Les « mud crabs » misent sur le mélange, le métissage, la recherche d'éléments de la musique pop mondiale (rock, rap, reggae et autres), sur une base percussive dérivée du maracatus. Mais ce n'est pas tout : la recherche de l'auteur intègre des musiciens aussi divers que les adorateurs du punk-rock d'Alto José do Pinho (principalement les Devotos), le rabequeiro Siba et le groupe Mestre Ambrósio, la cirandeira Lia de Itamaracá, DJ Dolores ou plus tard Mombojó et Cascabulho. . Luciana Mendonça note que le scène de mangrove créé les conditions de la coexistence de toutes ces branches, en les réunissant dans des festivals comme Rec-Beat, qui a lieu pendant le Carnaval.

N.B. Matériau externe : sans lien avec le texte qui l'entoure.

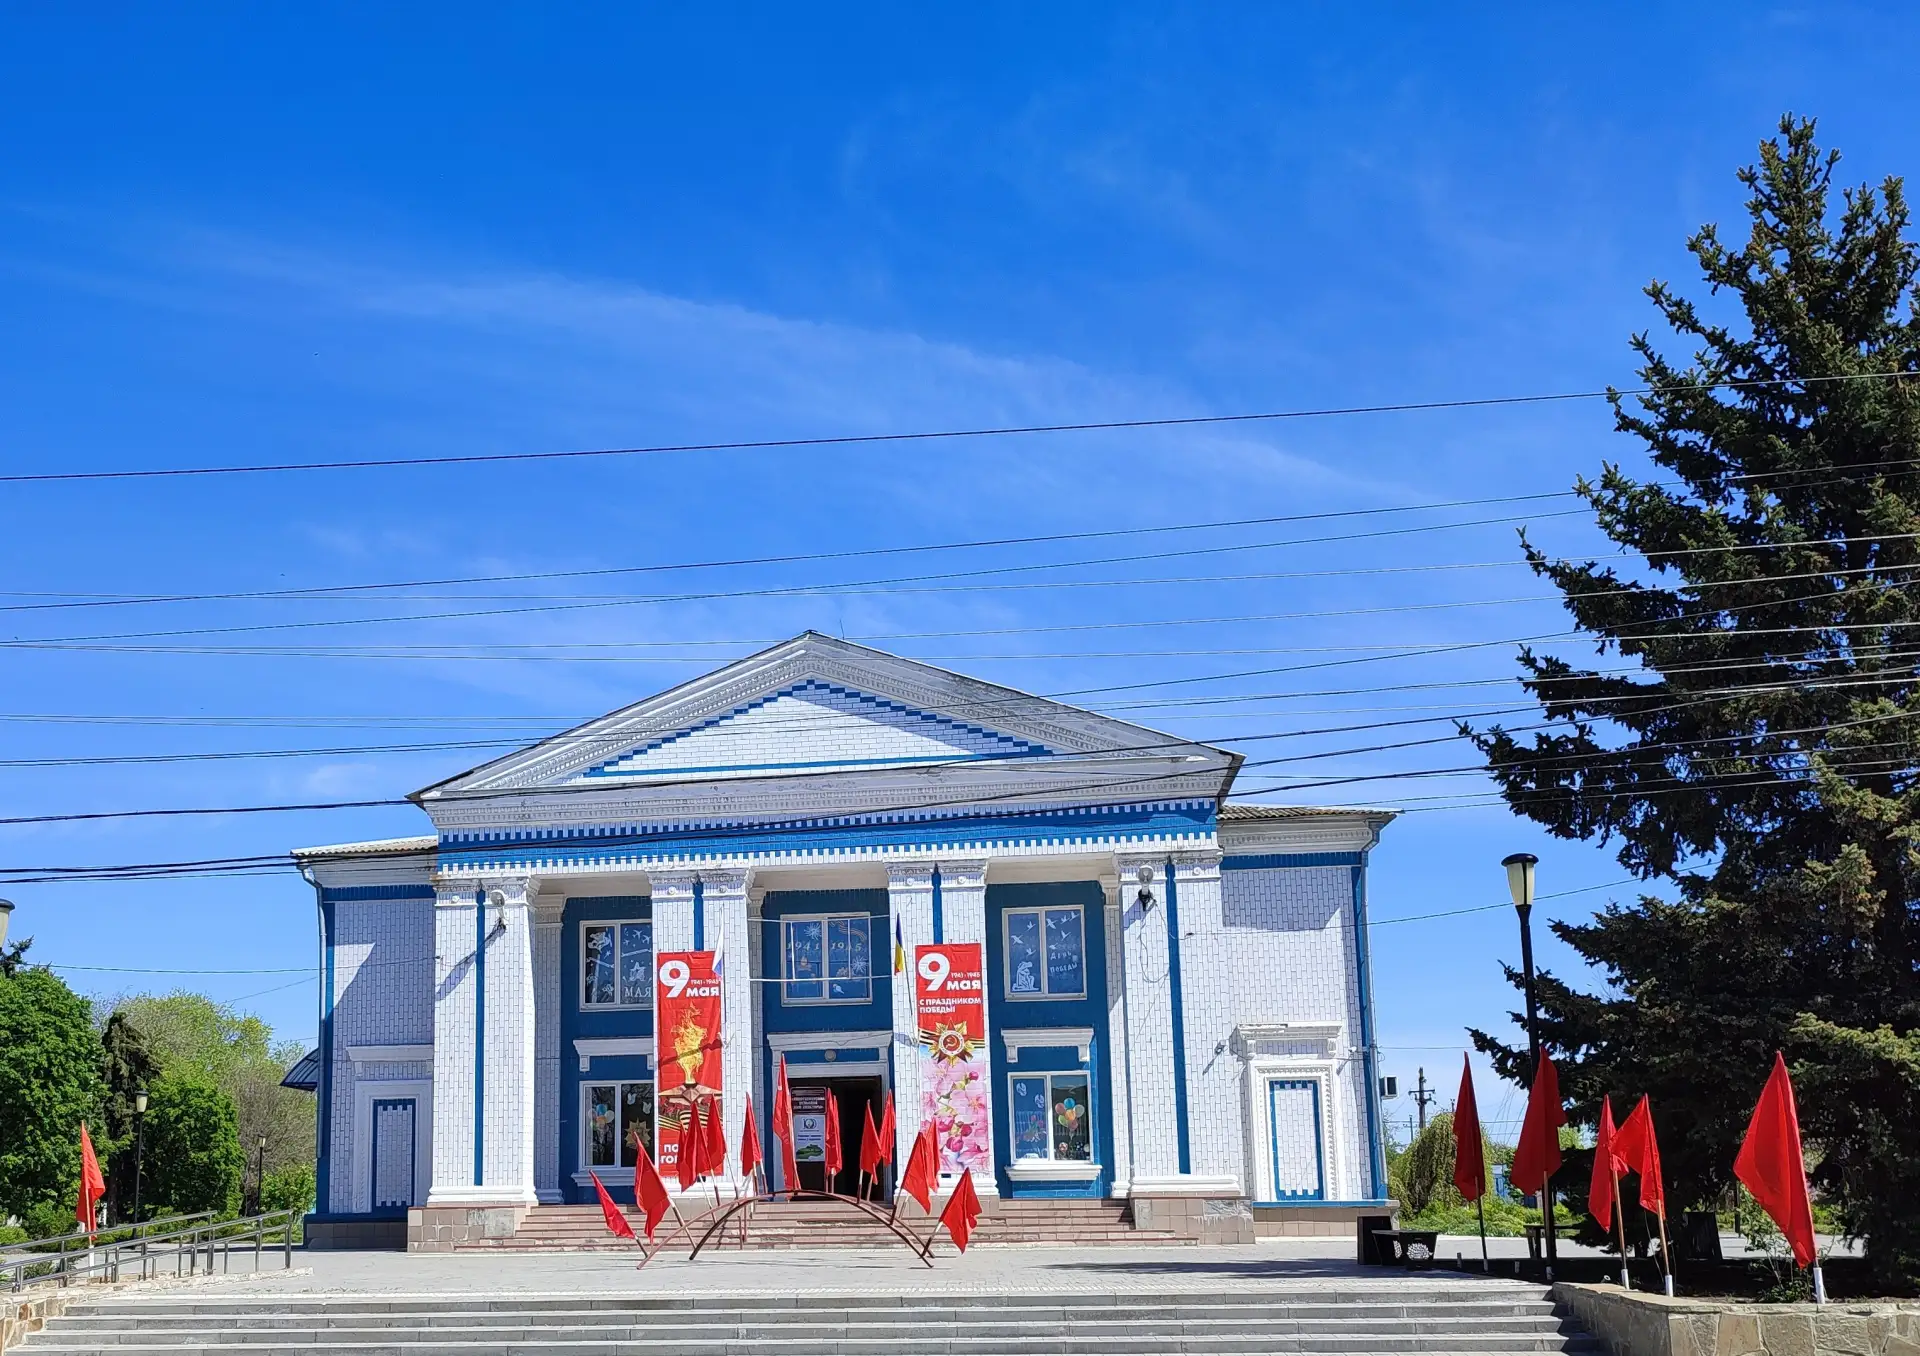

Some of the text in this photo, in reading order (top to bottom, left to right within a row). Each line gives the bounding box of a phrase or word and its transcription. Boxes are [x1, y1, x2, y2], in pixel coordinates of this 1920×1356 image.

[659, 960, 720, 998] 9 мая
[919, 952, 981, 991] 9 мая
[624, 986, 652, 997] МАЯ
[925, 997, 981, 1006] ПРАЗДНИКОМ

L'un des chapitres les plus savoureux aborde les relations conflictuelles entre le mouvement armorial, dirigé par Ariano Suassuna, et les mangroves. Tradition contre modernité ? Savant vs populaire ? Suassuna lui-même, pendant sa période en tant que secrétaire à la culture de Recife (1994/98), a établi des dialogues et créé des conditions (fonds) pour la les mangueboys. Cependant, en public, il a toujours fait des déclarations acides contre les mélanges promus par Chico Science et Zeroquatro. Mais à Chico's wake (1997) il était là, contrit, versant ses larmes pour le jeune catalyseur des énergies créatrices.

Contradictoire? Bien sûr, mais comme le souligne à juste titre l'auteur de l'étude, le panorama culturel du Pernambouc est plein de contradictions. Dans une certaine mesure, cela semble démontrer que les contradictions sont le moteur même de la transformation, car du frottement des idées émergent des étincelles susceptibles de générer une nouvelle combustion.

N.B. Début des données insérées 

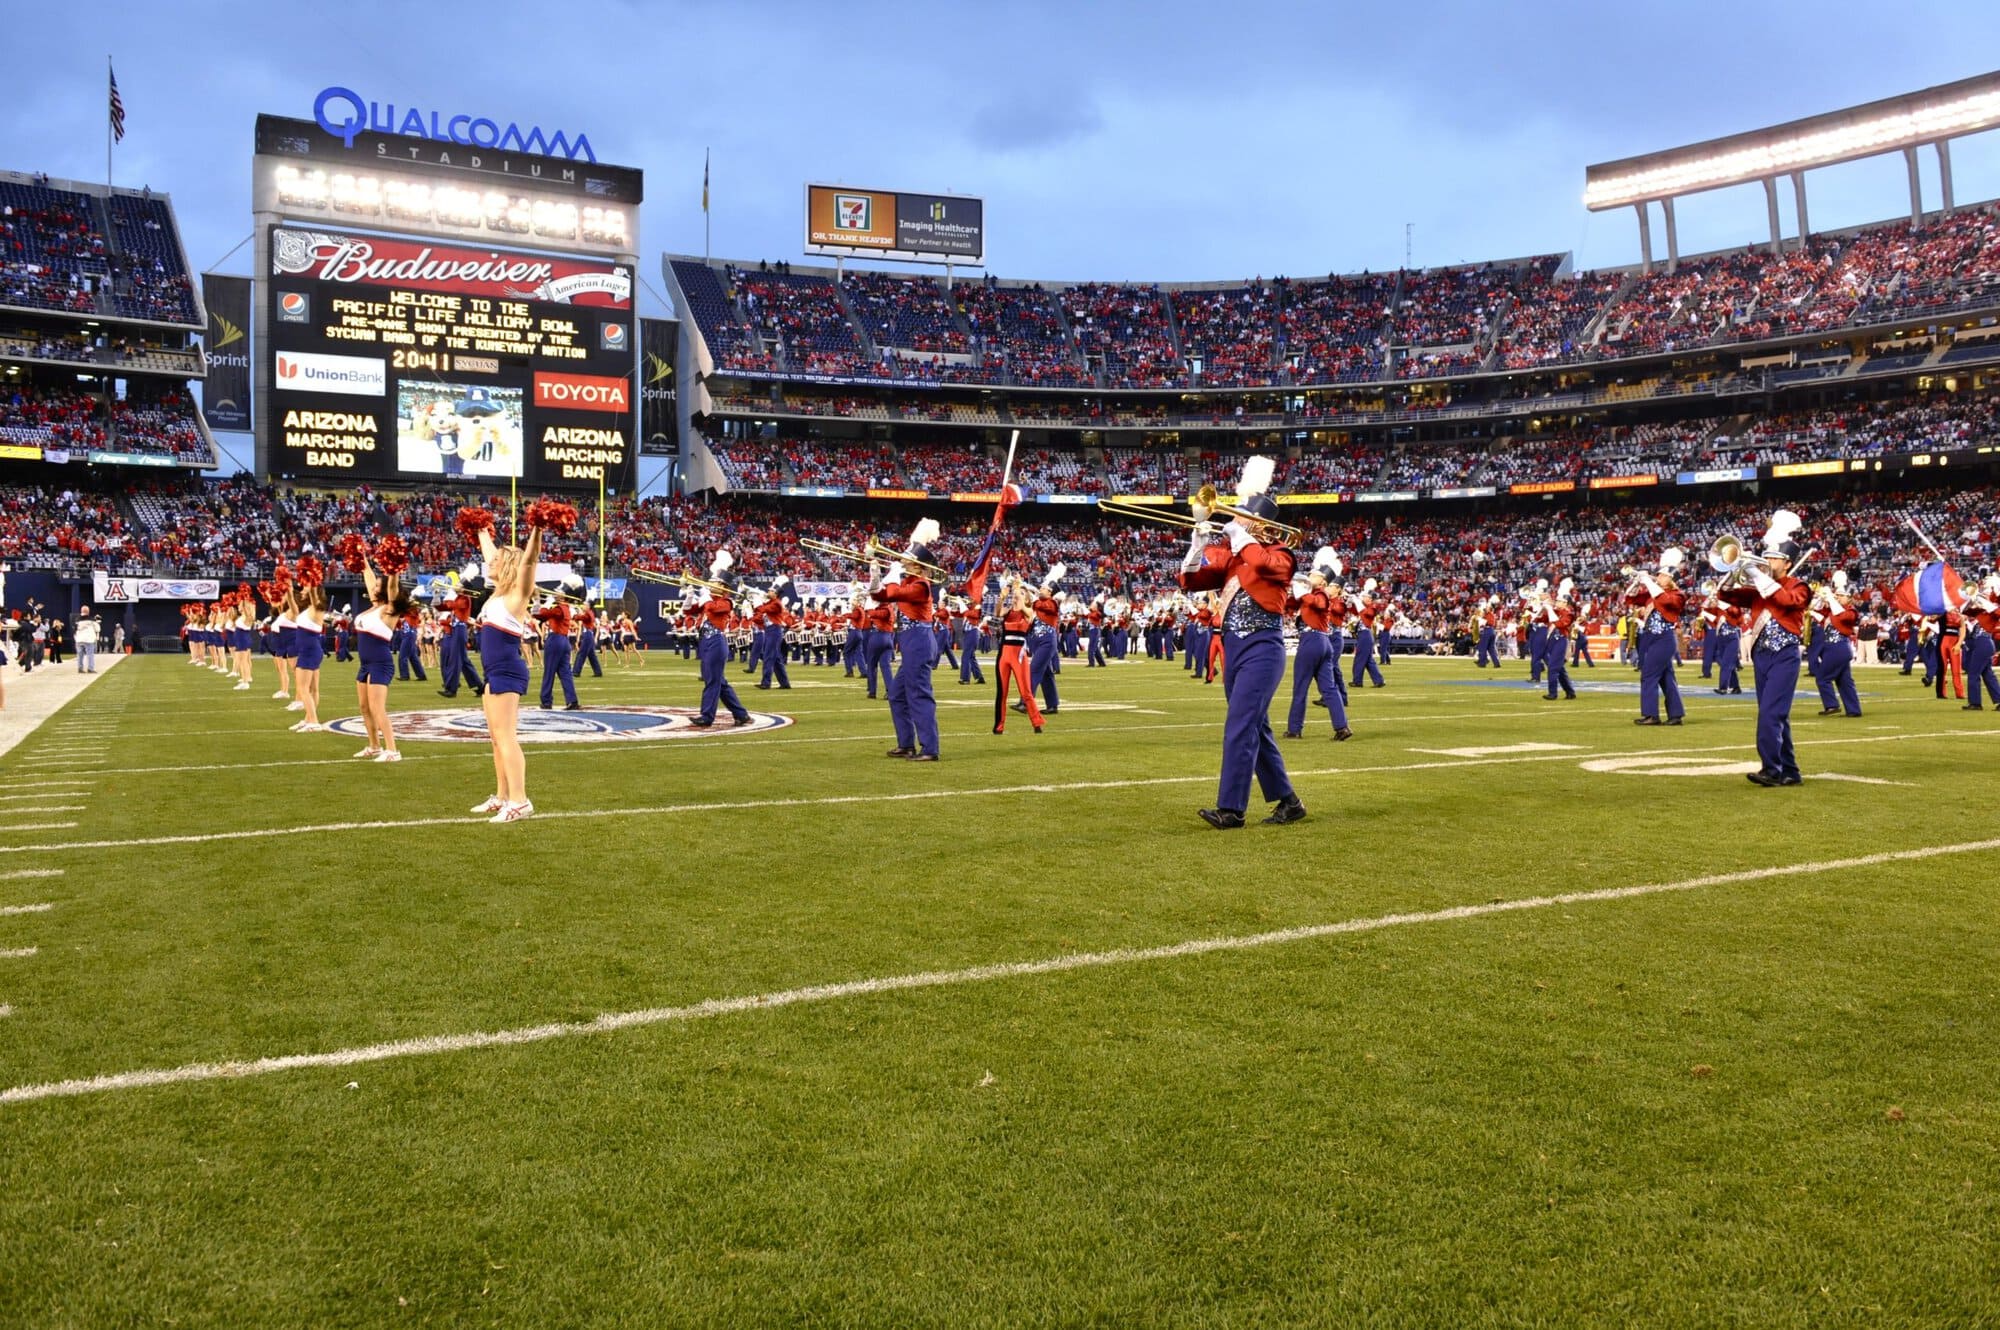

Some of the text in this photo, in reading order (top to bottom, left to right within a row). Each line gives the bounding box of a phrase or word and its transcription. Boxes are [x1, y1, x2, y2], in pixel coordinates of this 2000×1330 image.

[313, 87, 596, 163] QUALCOMM
[377, 142, 576, 181] STADIUM
[899, 219, 979, 234] Imaging Healthcare
[828, 233, 857, 242] THANK
[307, 243, 551, 282] Budweiser
[554, 279, 627, 296] American Lager
[390, 291, 529, 316] WELCOME TO THE
[333, 299, 579, 334] PACIFIC LIFE HOLIDAY BOWL
[342, 315, 572, 345] PRE-GAME SHOW PRESENTED BY THE
[326, 326, 586, 359] SYCUAN BAND OF THE KUMEYAAY NATION
[205, 352, 248, 368] Sprint
[393, 349, 449, 371] 20:41
[305, 367, 383, 384] UnionBank
[539, 382, 624, 404] TOYOTA
[642, 387, 676, 401] Sprint
[283, 411, 378, 433] ARIZONA
[286, 432, 375, 450] MARCHING
[543, 426, 625, 447] ARIZONA
[306, 451, 355, 468] BAND
[545, 447, 623, 464] MARCHING
[562, 464, 605, 480] BAND
[868, 490, 897, 498] WELLS
[1511, 482, 1574, 494] WELLS FARGO
[105, 580, 129, 601] A

On peut établir des parallèles entre le cas de Pernambuco et d'autres scénarios brésiliens : samba traditionnelle x pagode, écoles de samba x MPB, musique country x sertanejo, invention x tradition. Du choro à la pop, de la bossa nova au jazz, les innovations n'ont jamais vu le jour sans surmonter divers obstacles idéologiques, sociaux et financiers. Mais peu de fois verrons-nous ces conflits exposés de manière aussi consciente et détaillée que dans ce livre, qui est déjà fondamental pour l'étude de notre musique populaire et de ses transformations.

* Daniel Brésil est écrivain, auteur du roman costume de rois (Penalux), scénariste et réalisateur de télévision, critique musical et littéraire.

Référence


Luciana Mendonça. Manguebeat : la scène, Recife et le monde. Curitiba, Appris, 2021, 314 pages.